-- PROBLEM TO WORK ON --
Return the data below, unchanged.

[Referring expression grounding data]
* * * * * * * * *

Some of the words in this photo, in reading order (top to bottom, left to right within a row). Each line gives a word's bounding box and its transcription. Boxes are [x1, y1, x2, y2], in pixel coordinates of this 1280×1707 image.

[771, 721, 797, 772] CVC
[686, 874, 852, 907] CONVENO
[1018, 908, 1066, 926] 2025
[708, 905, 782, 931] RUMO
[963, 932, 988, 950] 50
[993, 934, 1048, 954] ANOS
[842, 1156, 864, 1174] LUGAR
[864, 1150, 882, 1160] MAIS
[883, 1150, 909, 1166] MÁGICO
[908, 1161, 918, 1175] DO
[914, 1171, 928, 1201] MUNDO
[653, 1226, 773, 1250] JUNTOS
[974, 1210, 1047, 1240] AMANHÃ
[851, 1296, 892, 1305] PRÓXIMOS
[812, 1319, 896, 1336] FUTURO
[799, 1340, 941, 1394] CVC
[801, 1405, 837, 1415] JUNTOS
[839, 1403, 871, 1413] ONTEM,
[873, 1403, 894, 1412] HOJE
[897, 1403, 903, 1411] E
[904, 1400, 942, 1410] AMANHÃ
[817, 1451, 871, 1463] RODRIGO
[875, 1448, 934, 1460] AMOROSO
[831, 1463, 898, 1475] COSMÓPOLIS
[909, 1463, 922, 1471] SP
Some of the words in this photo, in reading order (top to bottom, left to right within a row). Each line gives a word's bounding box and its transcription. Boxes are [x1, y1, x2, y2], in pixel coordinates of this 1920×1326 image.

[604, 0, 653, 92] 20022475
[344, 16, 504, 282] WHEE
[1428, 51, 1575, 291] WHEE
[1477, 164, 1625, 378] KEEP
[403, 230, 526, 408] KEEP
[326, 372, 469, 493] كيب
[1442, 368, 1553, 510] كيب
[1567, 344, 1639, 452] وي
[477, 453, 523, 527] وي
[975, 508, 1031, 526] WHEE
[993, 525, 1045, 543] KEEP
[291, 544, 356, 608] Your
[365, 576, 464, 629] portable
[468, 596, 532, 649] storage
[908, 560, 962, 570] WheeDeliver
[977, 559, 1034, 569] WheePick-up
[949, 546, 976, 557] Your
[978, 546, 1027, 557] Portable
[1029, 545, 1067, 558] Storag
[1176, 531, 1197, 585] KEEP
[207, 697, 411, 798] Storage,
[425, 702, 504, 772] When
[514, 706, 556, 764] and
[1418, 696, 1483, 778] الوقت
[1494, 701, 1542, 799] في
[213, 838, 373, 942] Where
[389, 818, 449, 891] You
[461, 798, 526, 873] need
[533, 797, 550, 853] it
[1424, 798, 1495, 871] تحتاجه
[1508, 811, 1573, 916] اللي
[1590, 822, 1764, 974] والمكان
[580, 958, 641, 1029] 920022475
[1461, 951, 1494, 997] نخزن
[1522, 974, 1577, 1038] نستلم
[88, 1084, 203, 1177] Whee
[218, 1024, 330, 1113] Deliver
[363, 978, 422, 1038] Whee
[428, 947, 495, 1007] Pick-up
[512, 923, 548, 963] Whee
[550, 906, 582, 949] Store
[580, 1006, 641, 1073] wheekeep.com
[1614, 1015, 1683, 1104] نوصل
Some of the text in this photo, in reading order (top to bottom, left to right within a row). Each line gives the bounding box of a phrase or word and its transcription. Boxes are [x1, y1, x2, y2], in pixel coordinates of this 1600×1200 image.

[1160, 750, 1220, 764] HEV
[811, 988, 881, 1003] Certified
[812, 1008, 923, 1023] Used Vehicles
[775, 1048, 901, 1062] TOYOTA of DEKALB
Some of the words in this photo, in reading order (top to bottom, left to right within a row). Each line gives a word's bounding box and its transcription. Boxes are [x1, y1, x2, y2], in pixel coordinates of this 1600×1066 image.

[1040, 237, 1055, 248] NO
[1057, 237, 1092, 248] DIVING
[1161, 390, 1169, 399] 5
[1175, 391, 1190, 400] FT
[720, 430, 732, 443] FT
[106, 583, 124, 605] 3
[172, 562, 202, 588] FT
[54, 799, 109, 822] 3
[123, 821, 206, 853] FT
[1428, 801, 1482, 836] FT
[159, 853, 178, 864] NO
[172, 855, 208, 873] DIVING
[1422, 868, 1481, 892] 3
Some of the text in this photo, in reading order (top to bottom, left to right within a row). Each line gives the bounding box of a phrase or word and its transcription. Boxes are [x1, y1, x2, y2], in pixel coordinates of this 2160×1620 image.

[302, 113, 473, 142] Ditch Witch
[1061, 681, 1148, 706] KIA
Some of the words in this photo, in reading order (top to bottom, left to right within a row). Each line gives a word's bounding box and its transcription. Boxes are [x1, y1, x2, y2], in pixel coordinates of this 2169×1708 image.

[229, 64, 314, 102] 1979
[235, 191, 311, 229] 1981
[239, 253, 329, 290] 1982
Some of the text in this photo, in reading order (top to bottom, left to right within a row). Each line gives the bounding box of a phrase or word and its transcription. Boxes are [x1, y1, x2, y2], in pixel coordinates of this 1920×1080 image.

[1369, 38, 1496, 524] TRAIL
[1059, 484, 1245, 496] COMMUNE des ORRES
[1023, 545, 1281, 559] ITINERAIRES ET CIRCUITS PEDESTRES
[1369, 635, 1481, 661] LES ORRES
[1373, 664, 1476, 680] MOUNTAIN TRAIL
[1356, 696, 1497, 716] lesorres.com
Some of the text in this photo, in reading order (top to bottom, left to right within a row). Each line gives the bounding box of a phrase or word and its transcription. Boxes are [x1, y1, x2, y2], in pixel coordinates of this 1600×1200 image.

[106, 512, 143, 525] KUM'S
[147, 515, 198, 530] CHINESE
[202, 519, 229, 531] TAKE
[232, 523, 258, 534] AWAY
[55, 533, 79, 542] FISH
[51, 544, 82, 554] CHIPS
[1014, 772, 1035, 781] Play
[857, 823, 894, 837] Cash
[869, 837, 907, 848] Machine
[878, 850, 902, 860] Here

* * * * * * * * *

-- ANSWER FOR THE TASK --
Some of the words in this photo, in reading order (top to bottom, left to right within a row). Each line gives a word's bounding box and its transcription. Boxes are [x1, y1, x2, y2], in pixel coordinates of this 1280×1707 image.

[771, 721, 797, 772] CVC
[686, 874, 852, 907] CONVENO
[1018, 908, 1066, 926] 2025
[708, 905, 782, 931] RUMO
[963, 932, 988, 950] 50
[993, 934, 1048, 954] ANOS
[842, 1156, 864, 1174] LUGAR
[864, 1150, 882, 1160] MAIS
[883, 1150, 909, 1166] MÁGICO
[908, 1161, 918, 1175] DO
[914, 1171, 928, 1201] MUNDO
[653, 1226, 773, 1250] JUNTOS
[974, 1210, 1047, 1240] AMANHÃ
[851, 1296, 892, 1305] PRÓXIMOS
[812, 1319, 896, 1336] FUTURO
[799, 1340, 941, 1394] CVC
[801, 1405, 837, 1415] JUNTOS
[839, 1403, 871, 1413] ONTEM,
[873, 1403, 894, 1412] HOJE
[897, 1403, 903, 1411] E
[904, 1400, 942, 1410] AMANHÃ
[817, 1451, 871, 1463] RODRIGO
[875, 1448, 934, 1460] AMOROSO
[831, 1463, 898, 1475] COSMÓPOLIS
[909, 1463, 922, 1471] SP
Some of the words in this photo, in reading order (top to bottom, left to right within a row). Each line gives a word's bounding box and its transcription. Boxes are [x1, y1, x2, y2], in pixel coordinates of this 1920×1326 image.

[604, 0, 653, 92] 20022475
[344, 16, 504, 282] WHEE
[1428, 51, 1575, 291] WHEE
[1477, 164, 1625, 378] KEEP
[403, 230, 526, 408] KEEP
[326, 372, 469, 493] كيب
[1442, 368, 1553, 510] كيب
[1567, 344, 1639, 452] وي
[477, 453, 523, 527] وي
[975, 508, 1031, 526] WHEE
[993, 525, 1045, 543] KEEP
[291, 544, 356, 608] Your
[365, 576, 464, 629] portable
[468, 596, 532, 649] storage
[908, 560, 962, 570] WheeDeliver
[977, 559, 1034, 569] WheePick-up
[949, 546, 976, 557] Your
[978, 546, 1027, 557] Portable
[1029, 545, 1067, 558] Storag
[1176, 531, 1197, 585] KEEP
[207, 697, 411, 798] Storage,
[425, 702, 504, 772] When
[514, 706, 556, 764] and
[1418, 696, 1483, 778] الوقت
[1494, 701, 1542, 799] في
[213, 838, 373, 942] Where
[389, 818, 449, 891] You
[461, 798, 526, 873] need
[533, 797, 550, 853] it
[1424, 798, 1495, 871] تحتاجه
[1508, 811, 1573, 916] اللي
[1590, 822, 1764, 974] والمكان
[580, 958, 641, 1029] 920022475
[1461, 951, 1494, 997] نخزن
[1522, 974, 1577, 1038] نستلم
[88, 1084, 203, 1177] Whee
[218, 1024, 330, 1113] Deliver
[363, 978, 422, 1038] Whee
[428, 947, 495, 1007] Pick-up
[512, 923, 548, 963] Whee
[550, 906, 582, 949] Store
[580, 1006, 641, 1073] wheekeep.com
[1614, 1015, 1683, 1104] نوصل
Some of the text in this photo, in reading order (top to bottom, left to right within a row). Each line gives the bounding box of a phrase or word and its transcription. Boxes are [x1, y1, x2, y2], in pixel coordinates of this 1600×1200 image.

[1160, 750, 1220, 764] HEV
[811, 988, 881, 1003] Certified
[812, 1008, 923, 1023] Used Vehicles
[775, 1048, 901, 1062] TOYOTA of DEKALB
Some of the words in this photo, in reading order (top to bottom, left to right within a row). Each line gives a word's bounding box and its transcription. Boxes are [x1, y1, x2, y2], in pixel coordinates of this 1600×1066 image.

[1040, 237, 1055, 248] NO
[1057, 237, 1092, 248] DIVING
[1161, 390, 1169, 399] 5
[1175, 391, 1190, 400] FT
[720, 430, 732, 443] FT
[106, 583, 124, 605] 3
[172, 562, 202, 588] FT
[54, 799, 109, 822] 3
[123, 821, 206, 853] FT
[1428, 801, 1482, 836] FT
[159, 853, 178, 864] NO
[172, 855, 208, 873] DIVING
[1422, 868, 1481, 892] 3
Some of the text in this photo, in reading order (top to bottom, left to right within a row). Each line gives the bounding box of a phrase or word and its transcription. Boxes are [x1, y1, x2, y2], in pixel coordinates of this 2160×1620 image.

[302, 113, 473, 142] Ditch Witch
[1061, 681, 1148, 706] KIA
Some of the words in this photo, in reading order (top to bottom, left to right within a row). Each line gives a word's bounding box and its transcription. Boxes are [x1, y1, x2, y2], in pixel coordinates of this 2169×1708 image.

[229, 64, 314, 102] 1979
[235, 191, 311, 229] 1981
[239, 253, 329, 290] 1982
Some of the text in this photo, in reading order (top to bottom, left to right within a row). Each line gives the bounding box of a phrase or word and its transcription. Boxes are [x1, y1, x2, y2], in pixel coordinates of this 1920×1080 image.

[1369, 38, 1496, 524] TRAIL
[1059, 484, 1245, 496] COMMUNE des ORRES
[1023, 545, 1281, 559] ITINERAIRES ET CIRCUITS PEDESTRES
[1369, 635, 1481, 661] LES ORRES
[1373, 664, 1476, 680] MOUNTAIN TRAIL
[1356, 696, 1497, 716] lesorres.com
Some of the text in this photo, in reading order (top to bottom, left to right within a row). Each line gives the bounding box of a phrase or word and its transcription. Boxes are [x1, y1, x2, y2], in pixel coordinates of this 1600×1200 image.

[106, 512, 143, 525] KUM'S
[147, 515, 198, 530] CHINESE
[202, 519, 229, 531] TAKE
[232, 523, 258, 534] AWAY
[55, 533, 79, 542] FISH
[51, 544, 82, 554] CHIPS
[1014, 772, 1035, 781] Play
[857, 823, 894, 837] Cash
[869, 837, 907, 848] Machine
[878, 850, 902, 860] Here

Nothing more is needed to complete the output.